Brits v Sweet Equity Investments 2 (Pty) Ltd and Another (23631/2022) [2023] ZAGPPHC 176 (24 March 2023)








IN THE HIGH COURT OF SOUTH AFRICA

(GAUTENG DIVISION, PRETORIA)

Shape1



  1. REPORTABLE: NO

  2. OF INTEREST TO OTHER JUDGES: NO



…………..………….............

E.M. KUBUSHI DATE: … MARCH 2023



Case Number: 23631/2022




In the matter between:




In the matter between:



JAN HENDRIK BRITS APPLICANT



And

SWEET EQUITY INVESTMENTS 2 (PTY) LTD 1ST RESPONDENT

THE SOUTH AFRICAN REVENUE SERVICE 2ND RESPONDENT




JUDGMENT

KUBUSHI J

Delivered: This judgment was handed down electronically by circulation to the parties’ legal representatives by e-mail. The date and time for hand-down is deemed to be 10h00 on … March 2023.


[1] The Applicant, Jan Hendrik Brits, approached Court for the winding-up of the First Respondent, a limited liability company, known as Sweet Equity Investments 2 (Pty) Ltd. The relief the Applicant seeks in the application is, in essence, a final winding-up order, alternatively, that the First Respondent be provisionally wound up.

[2] The Second Respondent, the South African Revenue Service, is joined in this application, predicated on its likely interest in the outcome of the application from the point of view of the First Respondent's income tax and value added tax affairs. No relief is specifically sought against it.

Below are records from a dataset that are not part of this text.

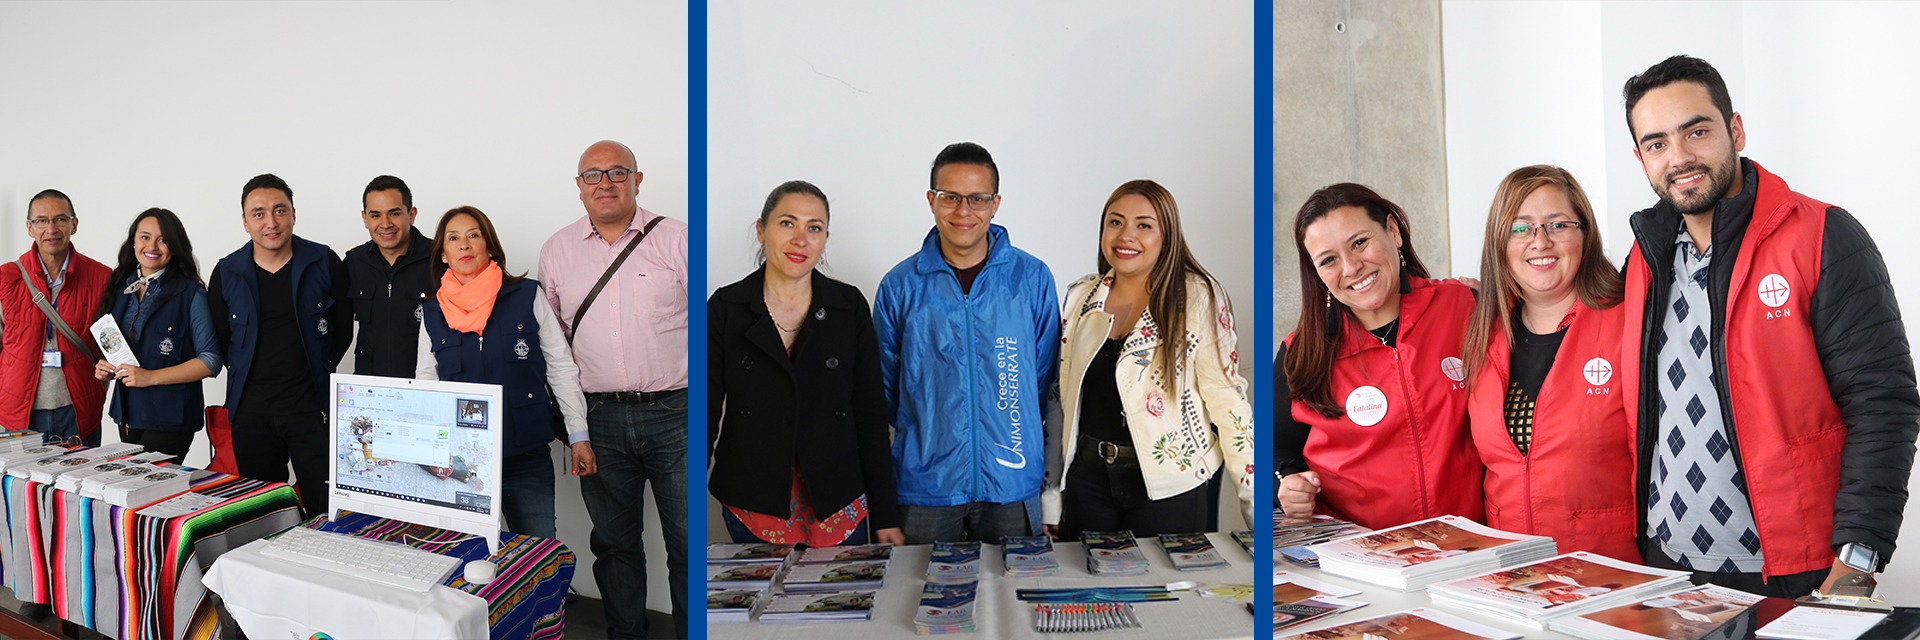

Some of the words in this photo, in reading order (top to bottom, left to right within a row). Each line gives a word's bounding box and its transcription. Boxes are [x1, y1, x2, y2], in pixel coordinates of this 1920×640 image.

[1766, 308, 1791, 320] ACN
[995, 337, 1005, 349] la
[998, 351, 1006, 368] en
[997, 372, 1008, 410] Crece
[1586, 387, 1610, 395] ACN
[995, 336, 1026, 469] UNIMONSERRATE
[1353, 403, 1382, 412] Catalina
[334, 490, 351, 498] Lenovo

[3] The facts of this matter are largely common cause between the Applicant and the First Respondent. The Applicant and the director of the First Respondent (“Mr Britz”) met and explored the possibility of together buying a farm that would go into the entity of the First Respondent. A farm in Mookgopong was identified. The Applicant contributed money into the entity, part of which was used for the purchase of the farm and some farm animals. There was an understanding between the parties that shares would be issued for the Applicant in the First Respondent, which was not done. The relationship between the Applicant and Mr Britz have now irretrievably broken down and the Applicant contents that he is entitled to repayment of the money he paid into the First Respondent, which the First Respondent and/or Mr Britz refuses to pay back. The applicant has now approached Court for relief.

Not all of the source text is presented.